A elles seules, les créances accrochées ou toxiques aux Etats-Unis sont de
l’ordre de 1400 milliards de $».
Les
pertes n’en finissent pas, il y en a tous les jours. Celles des produits
financiers dérivés des subprimes sont évaluées à 60 mille milliards, quand à
celles enregistrées au niveau des bourses à l’échelle internationale, elles
sont de l’ordre de 25 mille milliards de $. Ces chiffres de la désolation
représentent un pâle reflet des conséquences de la crise qui décidemment n’a
rien d’ordinaire. Les 4 mille milliards de $ en plans de sauvetages mis en
place tant aux USA qu’en Europe ne pourront pas ralentir son avancée et ses
répercussions sur l’économie réelle et la croissance dans le monde.
La question obsédante qui revient toujours reste qui a pu déclencher une
crise pareille ? Seraient-ce ces golden boys, jeunes surdoués de moins de
trente cinq ans, qui, dans leurs ambitions démesurées de s’enrichir, ont
créé autant d’armes financières de destruction massive sous forme de dérivés
des produits de titrisation plus sophistiqués les uns que les autres?
Serait-ce les guerres menées par les USA contre le terrorisme, l’Afghanistan
et l’Irak et où ont été englouties des sommes d’argent phénoménales ?

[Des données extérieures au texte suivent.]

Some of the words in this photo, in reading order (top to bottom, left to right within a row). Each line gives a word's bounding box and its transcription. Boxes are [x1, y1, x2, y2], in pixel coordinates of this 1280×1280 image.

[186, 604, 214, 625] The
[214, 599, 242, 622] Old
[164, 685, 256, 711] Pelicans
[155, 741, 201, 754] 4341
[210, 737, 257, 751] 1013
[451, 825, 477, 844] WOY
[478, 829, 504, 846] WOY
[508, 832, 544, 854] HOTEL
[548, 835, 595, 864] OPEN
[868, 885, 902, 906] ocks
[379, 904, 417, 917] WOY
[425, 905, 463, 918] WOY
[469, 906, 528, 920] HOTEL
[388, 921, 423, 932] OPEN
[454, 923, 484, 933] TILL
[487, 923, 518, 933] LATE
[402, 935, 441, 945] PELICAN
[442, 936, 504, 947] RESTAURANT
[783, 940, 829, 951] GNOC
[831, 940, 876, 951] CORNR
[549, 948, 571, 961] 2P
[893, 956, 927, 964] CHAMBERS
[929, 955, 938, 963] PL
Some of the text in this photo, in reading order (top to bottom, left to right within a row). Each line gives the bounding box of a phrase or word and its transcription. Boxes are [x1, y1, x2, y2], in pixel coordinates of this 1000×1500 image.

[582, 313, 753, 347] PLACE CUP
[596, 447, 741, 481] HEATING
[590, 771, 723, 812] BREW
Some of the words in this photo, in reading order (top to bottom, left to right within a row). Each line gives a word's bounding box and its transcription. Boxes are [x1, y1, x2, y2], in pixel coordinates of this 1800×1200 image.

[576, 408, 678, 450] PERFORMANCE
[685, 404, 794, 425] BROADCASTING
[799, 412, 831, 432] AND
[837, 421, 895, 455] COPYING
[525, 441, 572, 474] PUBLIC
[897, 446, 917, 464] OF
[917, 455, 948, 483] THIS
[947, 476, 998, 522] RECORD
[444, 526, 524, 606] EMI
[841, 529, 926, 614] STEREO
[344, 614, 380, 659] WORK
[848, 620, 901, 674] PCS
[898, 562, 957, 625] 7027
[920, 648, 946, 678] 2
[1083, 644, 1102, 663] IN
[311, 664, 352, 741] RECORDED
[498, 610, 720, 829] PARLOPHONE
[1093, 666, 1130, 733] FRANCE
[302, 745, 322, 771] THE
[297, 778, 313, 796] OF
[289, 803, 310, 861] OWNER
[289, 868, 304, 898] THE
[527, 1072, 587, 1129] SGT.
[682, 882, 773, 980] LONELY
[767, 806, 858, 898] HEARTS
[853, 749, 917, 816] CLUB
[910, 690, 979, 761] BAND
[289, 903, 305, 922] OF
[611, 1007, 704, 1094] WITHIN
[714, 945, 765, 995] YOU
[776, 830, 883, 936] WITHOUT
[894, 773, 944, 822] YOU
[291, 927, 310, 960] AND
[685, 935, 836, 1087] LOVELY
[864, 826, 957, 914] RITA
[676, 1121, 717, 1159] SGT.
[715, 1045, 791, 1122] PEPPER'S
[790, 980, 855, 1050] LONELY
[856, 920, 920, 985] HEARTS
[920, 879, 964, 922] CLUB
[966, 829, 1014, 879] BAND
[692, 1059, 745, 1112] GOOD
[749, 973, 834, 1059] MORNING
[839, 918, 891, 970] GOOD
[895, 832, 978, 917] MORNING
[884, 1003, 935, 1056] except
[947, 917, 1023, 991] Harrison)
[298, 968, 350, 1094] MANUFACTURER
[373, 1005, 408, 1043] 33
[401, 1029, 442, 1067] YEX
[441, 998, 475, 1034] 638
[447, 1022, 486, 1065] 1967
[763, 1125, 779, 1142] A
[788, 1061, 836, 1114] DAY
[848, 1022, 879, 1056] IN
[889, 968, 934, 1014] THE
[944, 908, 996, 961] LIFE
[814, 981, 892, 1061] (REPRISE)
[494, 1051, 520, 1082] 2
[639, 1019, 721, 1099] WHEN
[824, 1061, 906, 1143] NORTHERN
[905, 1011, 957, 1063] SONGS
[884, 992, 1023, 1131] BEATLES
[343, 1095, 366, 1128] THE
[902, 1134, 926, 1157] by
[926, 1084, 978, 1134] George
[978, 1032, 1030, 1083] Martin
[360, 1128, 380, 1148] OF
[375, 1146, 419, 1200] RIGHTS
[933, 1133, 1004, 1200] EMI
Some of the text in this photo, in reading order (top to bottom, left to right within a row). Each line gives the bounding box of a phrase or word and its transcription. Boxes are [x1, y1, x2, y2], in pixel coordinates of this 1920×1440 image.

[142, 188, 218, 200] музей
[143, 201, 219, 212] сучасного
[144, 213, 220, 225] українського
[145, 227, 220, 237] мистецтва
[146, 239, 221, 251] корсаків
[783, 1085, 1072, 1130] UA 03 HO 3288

Serait-ce la défaillance des organismes de contrôle, les agences de notation
? Le laisser faire, laisser passer credo de la politique économique libérale
? Serait ce le manque de discernement des dirigeants des grandes banques
américaines et européennes qui n’ont pas su évaluer le fossé qui se creusait
de plus en plus entre le secteur financier et l’économie réelle et qui
avaient laissé libre cours à la fraude et à la spéculation?
« Les banques sont en état de faillite par la faute de banquiers
incompétents et malhonnêtes qui ont orienté l’investissement vers
la spéculation financière l’éloignant de l’économie réelle a déclaré
Roosevelt parlant de la crise 29» rétorque Rchid Khleifi, Professeur
universitaire et expert international. M.Khleifi qui cite à ce propos,
Aristote qui, en son temps déjà, parlait de la différence entre l’économie
signifant en grecque la bonne gestion des affaires de la maison et «
chrématistique » qui désignait l’accumulation de la richesse pour elle-même
et qui, selon lui, est contre nature et déshumanisent ceux qui s’y livrent.
Cette quête de la richesse s’est traduite aujourd’hui par le développement
rapide d’un secteur financier qui s’est complètement détaché de la sphère
économique réelle et qui, en tombant, l’a menée à sa perte.
Aucun pays ne pouvant prétendre être épargné par la crise dans un tel
contexte de mondialisation, que doivent faire les pays émergents ?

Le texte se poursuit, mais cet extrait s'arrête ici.